Smasher is the name of multiple different fictional characters appearing in American comic books published by Marvel Comics.

Publication history
Smasher first appeared in X-Men #107 (October 1977-February 1978), and was created by Chris Claremont and Dave Cockrum.

A new Smasher, named Isabel Kane, appears as a member of the Avengers in the Marvel NOW! relaunch. Her name was originally given as "Isabel Dare", but the collected edition of her first appearance said her surname was "Kane". According to editor Tom Brevoort, this change was deliberate; he even stated that "Dare was a mistake in the first place," as the character was intended to be Captain Terror's granddaughter from her first appearance.

Yet more Smashers, operating directly under Imperial control, appear in the 'Infinity' crossover.

Fictional character biography
The title of Smasher has been used by three different humanoid aliens who served in the Shi'ar Imperial Guard.

Vril Rokk

The first Smasher was Vril Rokk, who had a long, distinguished service with the Guard. He was also romantically linked with fellow Guardsman Plutonia.
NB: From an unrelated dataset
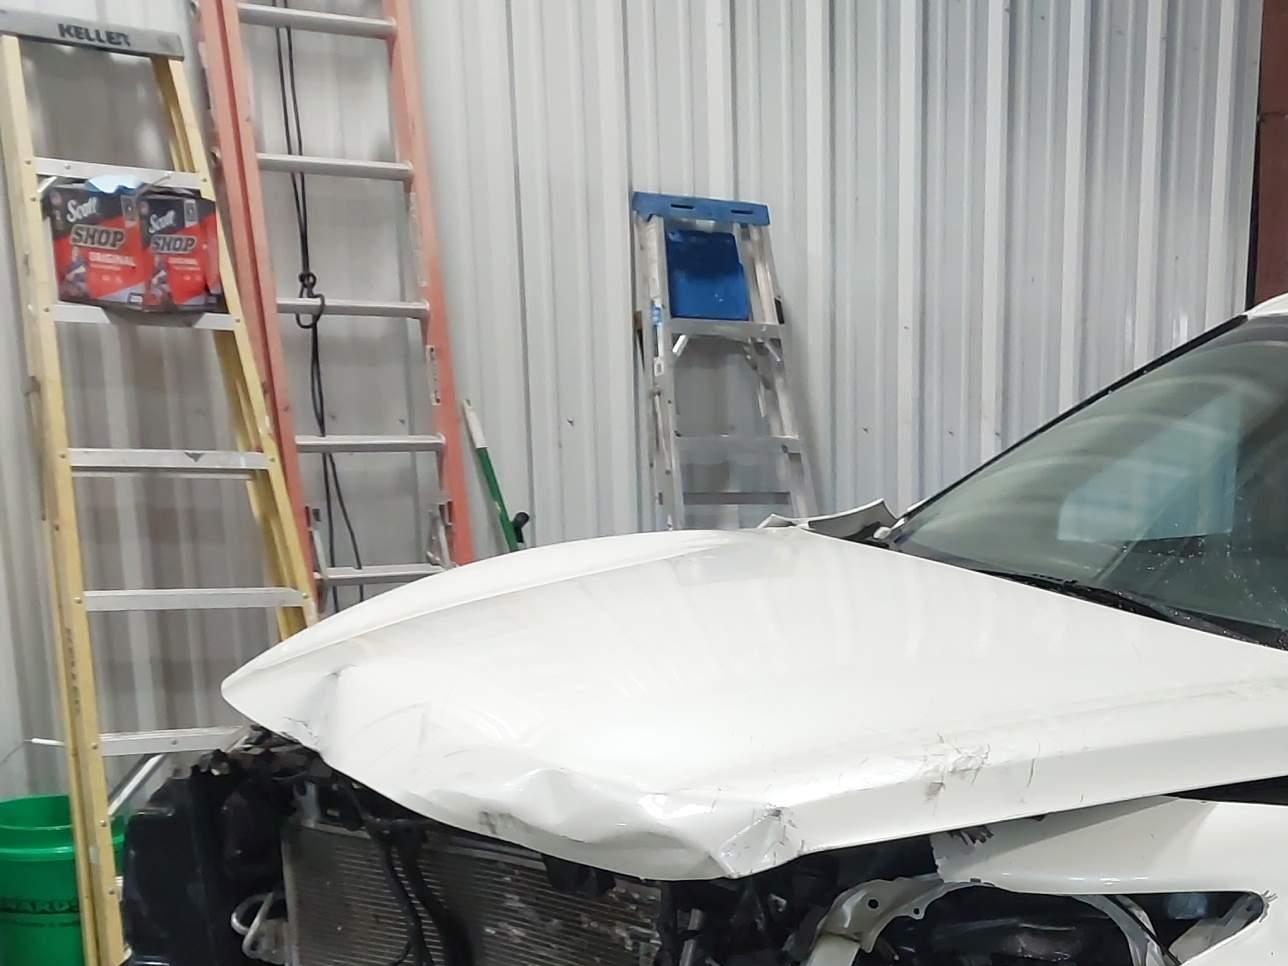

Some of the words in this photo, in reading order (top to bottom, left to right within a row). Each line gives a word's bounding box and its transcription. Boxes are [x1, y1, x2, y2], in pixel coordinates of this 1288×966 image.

[58, 23, 131, 47] KELLER
[72, 226, 124, 248] SHOP
[152, 236, 196, 251] SHOP
In Untold Tales of Captain Marvel — which takes place before his first encounter with the X-Men — Smasher, the Guard, Marvel and the Kree all meet. A small division of the Guard, Deathbolt, Smasher, Fang and Oracle had been selected to guard the personage of Deathbird, the current ruler of the Shi'ar empire. They allied, then fought with the Kree after the latter came to their assistance against a murderous attack from the Skrulls. They later are involved with a confrontation against the Brood.
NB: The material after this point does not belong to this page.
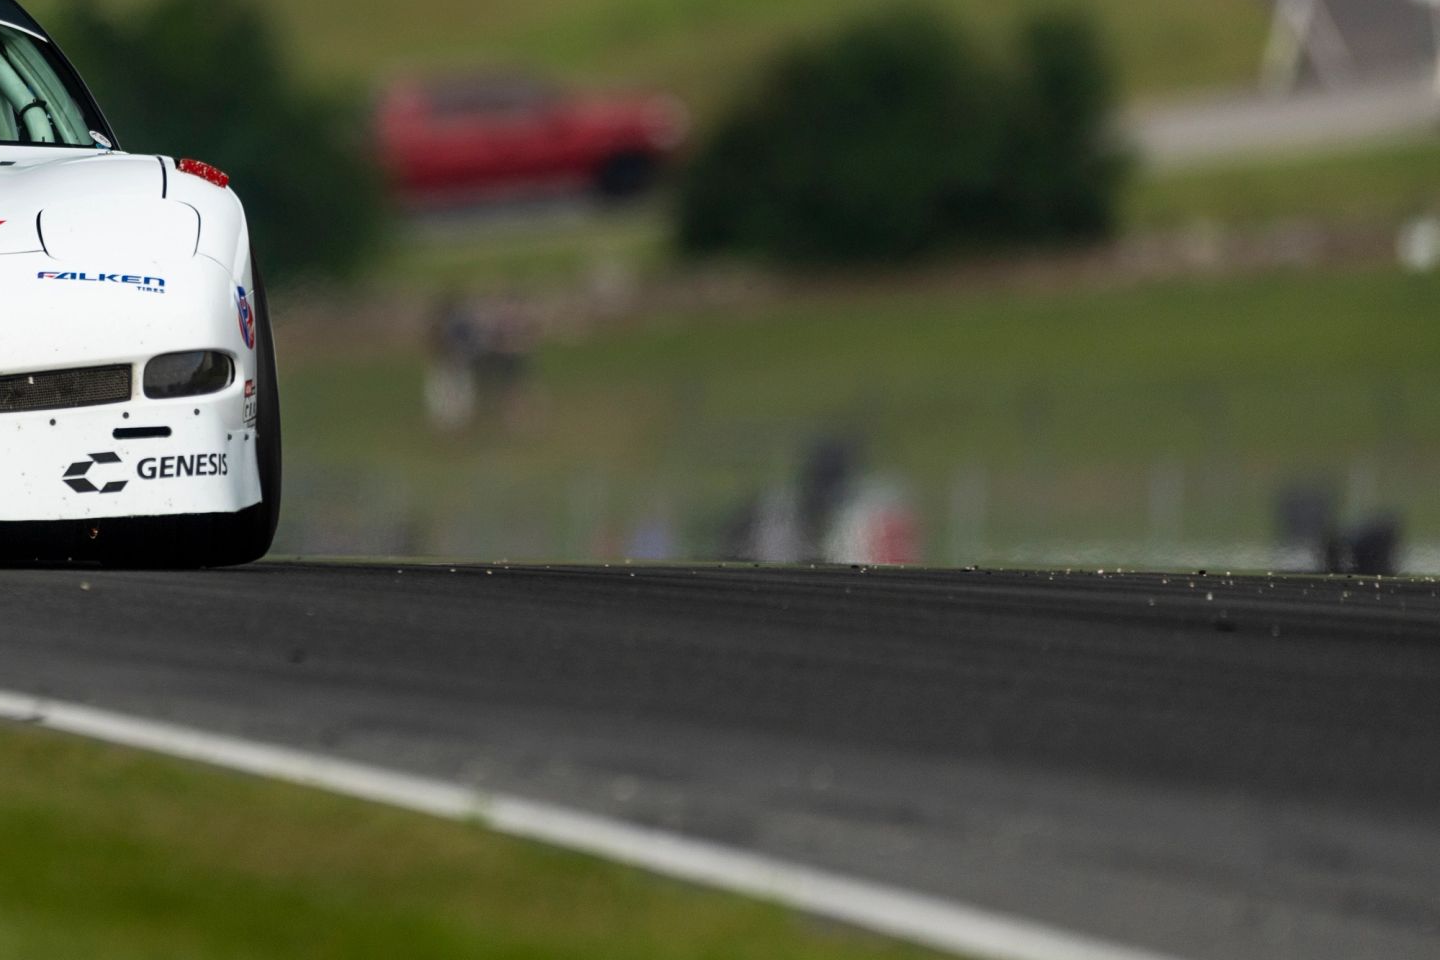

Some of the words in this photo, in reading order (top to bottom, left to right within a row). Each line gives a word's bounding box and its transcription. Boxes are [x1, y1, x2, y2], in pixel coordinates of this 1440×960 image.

[37, 271, 165, 287] FALKEN
[136, 286, 165, 294] TIRES
[136, 453, 228, 480] GENESIS
When Cassandra Nova was devastating the Shi'ar empire, Smasher was one of the few entities that managed to personally protect the empress Lilandra. Under protest, Smasher is ordered to travel to Earth to warn the X-Men about the threat Nova posed. He crash lands in a field full of cows. He does not make it to the mansion until well after the Imperial Guard, brainwashed by Nova, were attempting to kill the X-Men. His presence manages to convince the Guard to fight against Nova, although he and the others were swiftly defeated by her.

Smasher is later killed by Vulcan, a powerful mutant who attempts to conquer the Shi'ar empire.

Salac Tuur
Vril Rokk is soon replaced with another Smasher, Salac Tuur.  The new Smasher was among the Imperial Guardsmen who attacked the Kree homeworld during the wedding of Crystal and Ronan the Accuser. During the battle, Smasher was slain by the Inhuman Karnak.

Third Smasher
The uniform and title of Smasher was passed onto an unidentified member of the original's race; however, this version of Smasher was soon killed by Gladiator during a raid performed by Starjammers and Guardians of the Galaxy. The Strontian praetor killed Smasher as a sign of defecting to Lilandra.

Izzy Kane
A new Smasher appears in the Marvel NOW! relaunch as part of Captain America's new Avengers line-up. She joins the Avengers to help fight Ex Nihilo on Mars. She is revealed to be Isabel "Izzy" Kane, a college student and astronomer from Iowa. After finding a pair of high-tech goggles that had been left behind in a cornfield by Vril Rokk when he crashed to the Earth to warn the X-Men about Cassandra Nova, Izzy becomes the new Smasher and Earth's first member of the Imperial Guard. Izzy is introduced to Captain America by her grandfather Dan Kane, an acquaintance from World War II.

As part of the Avengers, Izzy meets the Guardians of the Galaxy when their ship is ambushed and crashes into a mall's parking lot.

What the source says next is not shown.